# 60" Snow Plow



## brute574 (Aug 10, 2011)

Anyone having Problems with Pushing a 60" Plow on a 750 Brute? I'm thinking about a 60" State plow, Mid Mount, Winch lift.


----------



## NMKawierider (Apr 11, 2009)

I never had any trouble. A time or two I wish I had a set of chains though.


----------



## Gallop (Feb 26, 2010)

nmkawierider said:


> I never had any trouble. A time or two I wish I had a set of chains though.


Same here no problems, but using a set of chains would have helped 

Or EVEN a set of TRACKS!


----------



## enraged350 (Mar 1, 2011)

No problems with a 60" country on a 650 here! Snow OR dirt...


----------



## DLB (Oct 8, 2009)

Yep, you'll be fine. My Grizz 700 pushed my 60" with ease. I'll have it on the Brute this winter, and have no doubts it'll do great. 

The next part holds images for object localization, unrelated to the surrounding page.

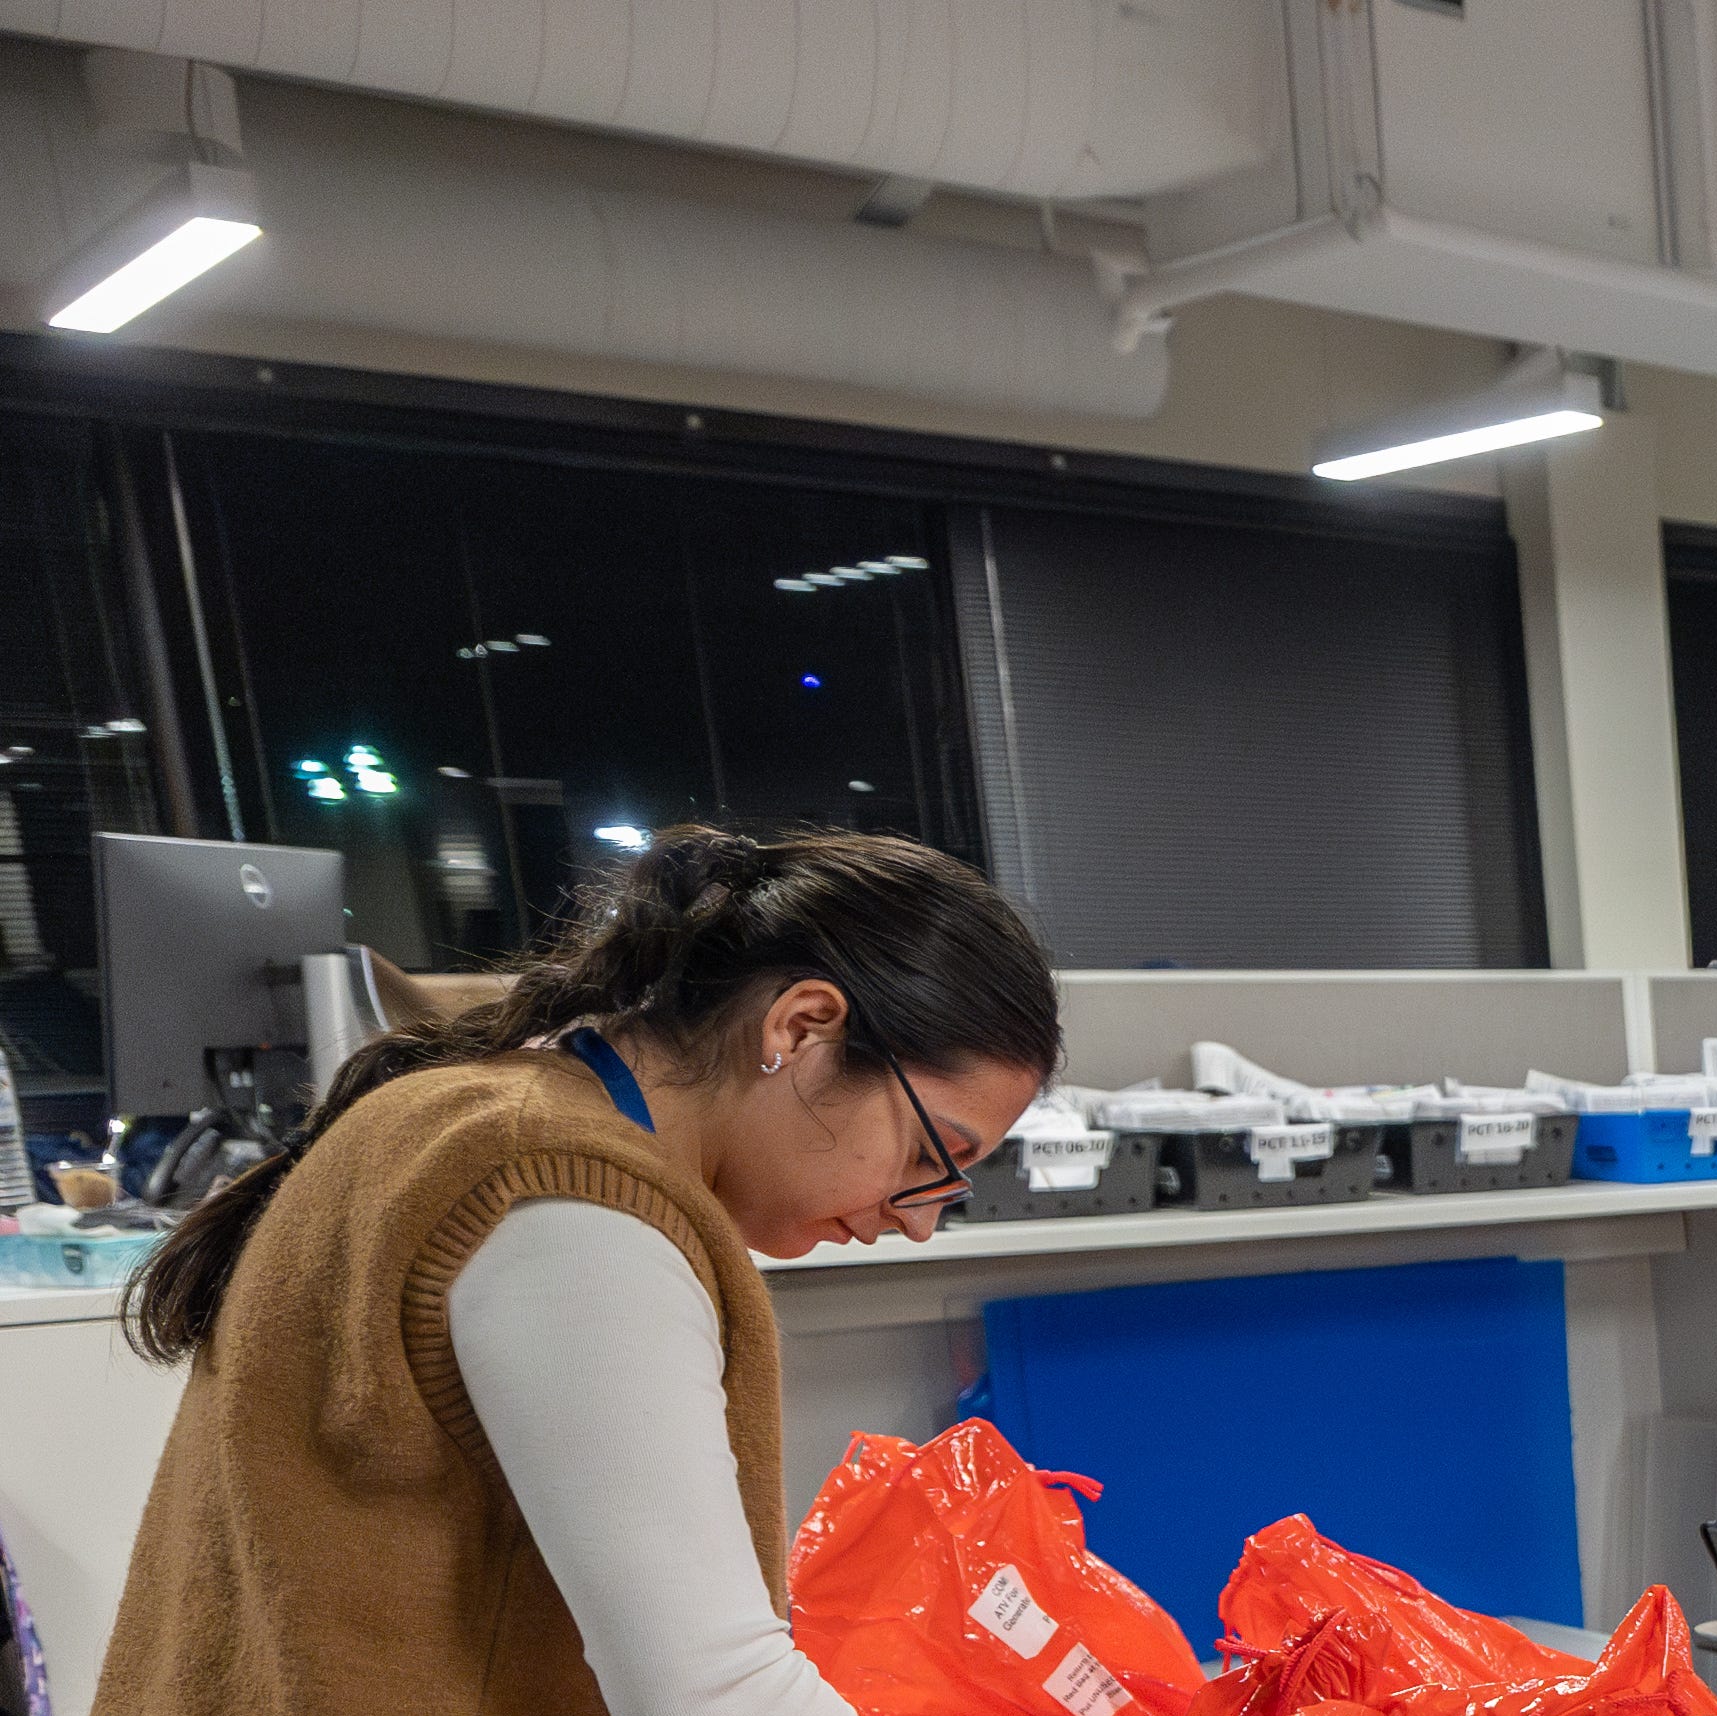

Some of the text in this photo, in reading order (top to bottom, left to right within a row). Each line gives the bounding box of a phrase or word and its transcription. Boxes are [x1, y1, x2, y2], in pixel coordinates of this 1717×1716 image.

[1695, 1113, 1717, 1125] PCT
[1467, 1122, 1492, 1136] PCT
[1032, 1141, 1061, 1154] PCT
[1258, 1136, 1286, 1150] PCT
[994, 1599, 1009, 1619] ATV
[1002, 1596, 1031, 1631] Generate
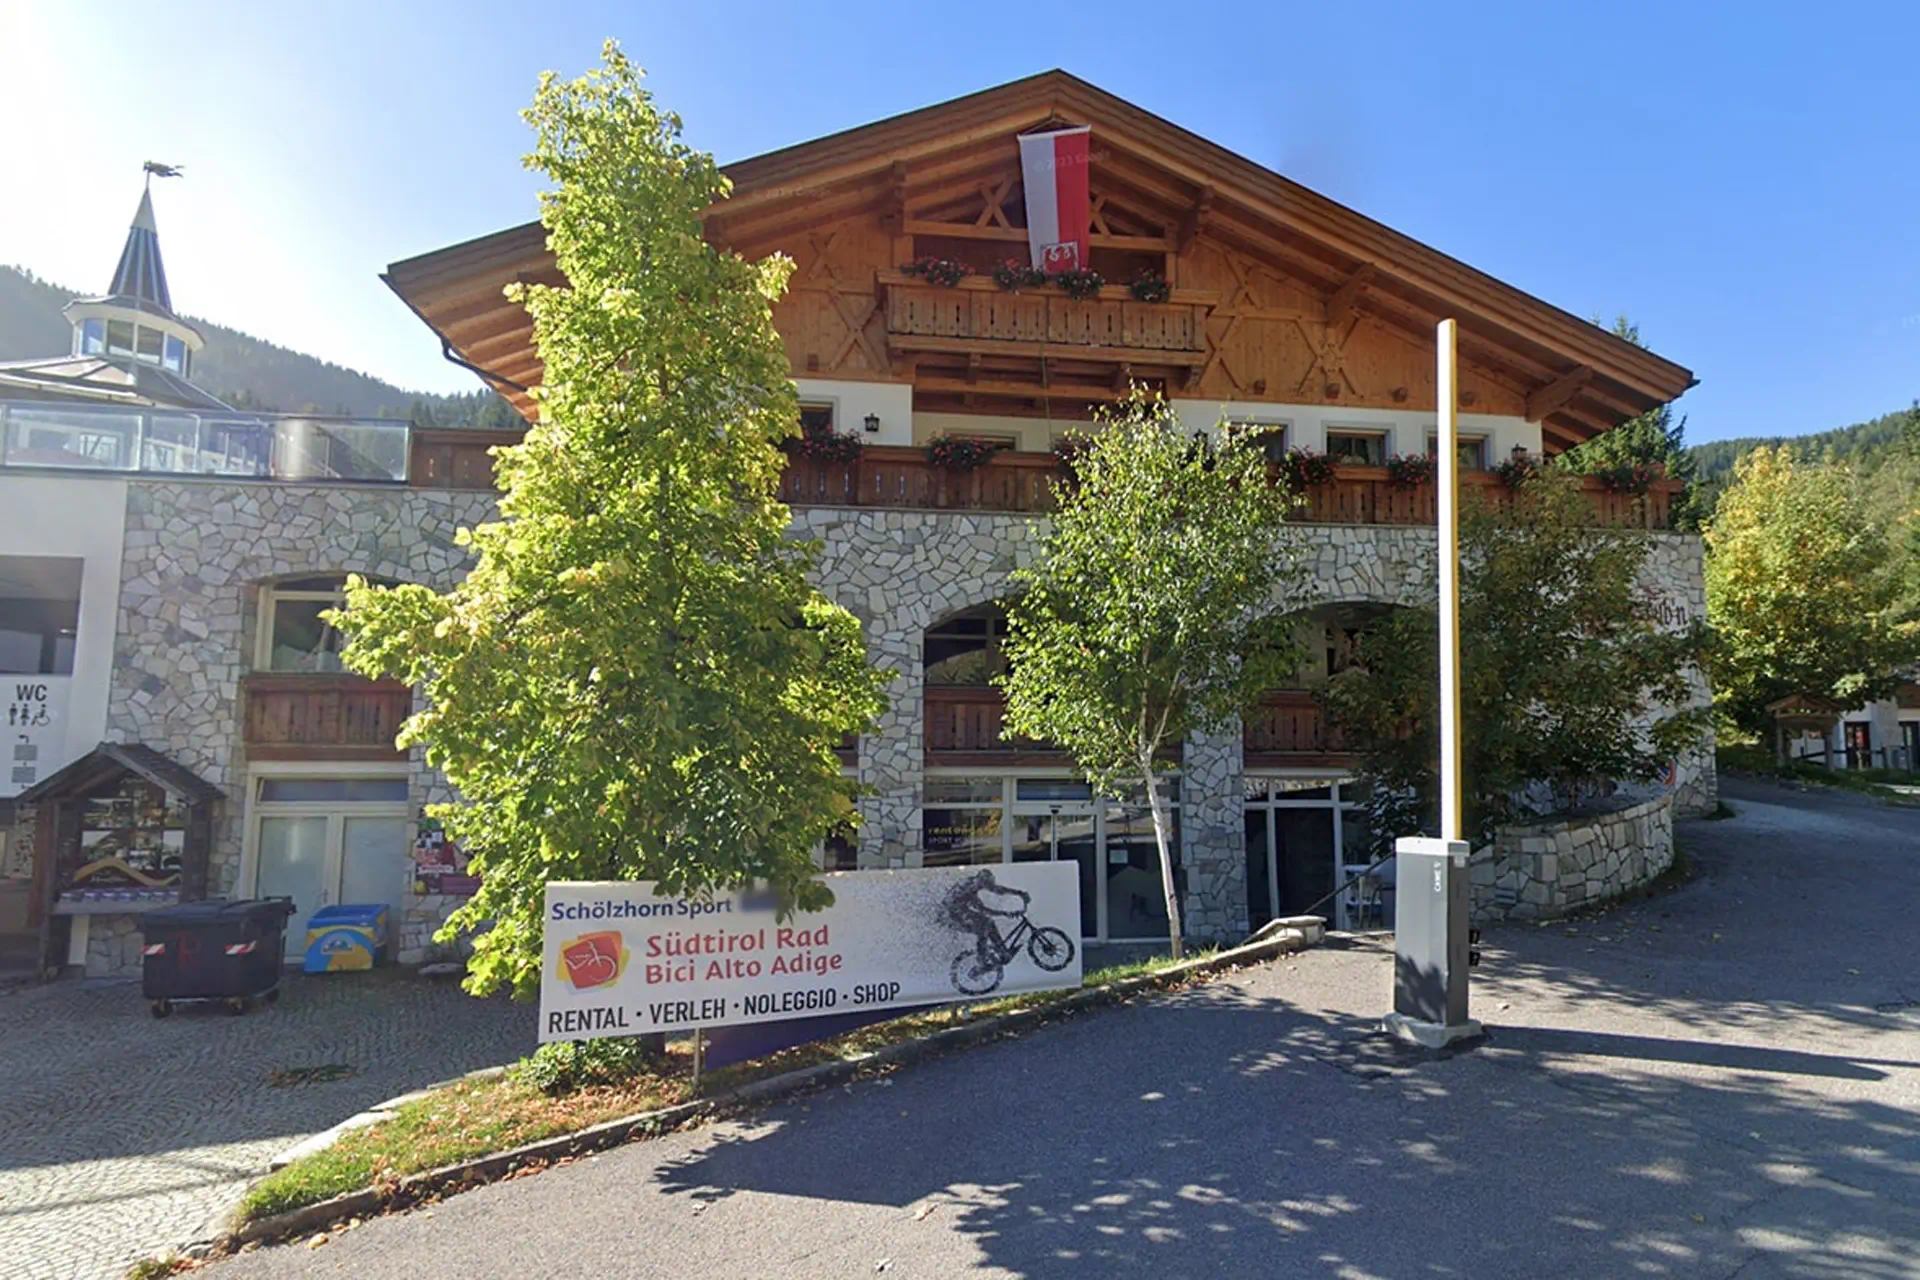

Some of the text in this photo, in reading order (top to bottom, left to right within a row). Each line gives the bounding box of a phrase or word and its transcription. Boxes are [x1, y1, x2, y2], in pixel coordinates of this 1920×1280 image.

[16, 684, 48, 702] WC
[551, 898, 733, 920] Schölzhorn Sport
[646, 924, 829, 957] Südtirol Rad
[645, 951, 843, 985] Bici Alto Adige
[549, 982, 902, 1033] RENTAL VERLEH NOLEGGIO SHOP

Here is a video I put together last year:


----------



## brute574 (Aug 10, 2011)

How much Snow you Guys plowing? I get 9-26" Drifts across my Drive. Will they push 10" of Snow


----------



## deadman inc (Jul 2, 2010)

I dont do snow lol. It has snowed here but it melts once hits the ground.


----------



## tmfisher57 (Aug 8, 2011)

Was gonna say something until I saw your new Avatar and now I don't know ***** .....:bigeyes:


----------



## wcs61 (Jun 7, 2011)

LMAO.... you noticed that too?


----------



## tmfisher57 (Aug 8, 2011)

Still flustered!!!!!


----------



## DLB (Oct 8, 2009)

brute574 said:


> How much Snow you Guys plowing? I get 9-26" Drifts across my Drive. Will they push 10" of Snow


Absolutely. You'll be amazed by how much these things can push.


----------



## brute574 (Aug 10, 2011)

Was Asked to remove my Avatar


----------



## tmfisher57 (Aug 8, 2011)

It was a good one!!!


----------



## BleednGreen68 (Apr 19, 2010)

Tracks would be sweet!


----------



## brute574 (Aug 10, 2011)

Does anyone use the down force kit? It is a Hyd Prop that puts 150# down force on the Plow, or are these plows heavy enough not to have a problem?


----------



## enraged350 (Mar 1, 2011)

Personally, a 60" country is heavy enough by itself. A down pressure kit would really only be usefully if your trying to scrape a lot of packed down snow and ice


----------



## NMKawierider (Apr 11, 2009)

Yeah I don't think you want a down-pressure kit on a plow power by a 700-pound machine. Not enough traction even with chains or tracks. Just get too it before it gets packed.


----------



## brute574 (Aug 10, 2011)

Thanks, ordering my Plow today


----------



## DLB (Oct 8, 2009)

nmkawierider said:


> Yeah I don't think you want a down-pressure kit on a plow power by a 700-pound machine. Not enough traction even with chains or tracks. Just get too it before it gets packed.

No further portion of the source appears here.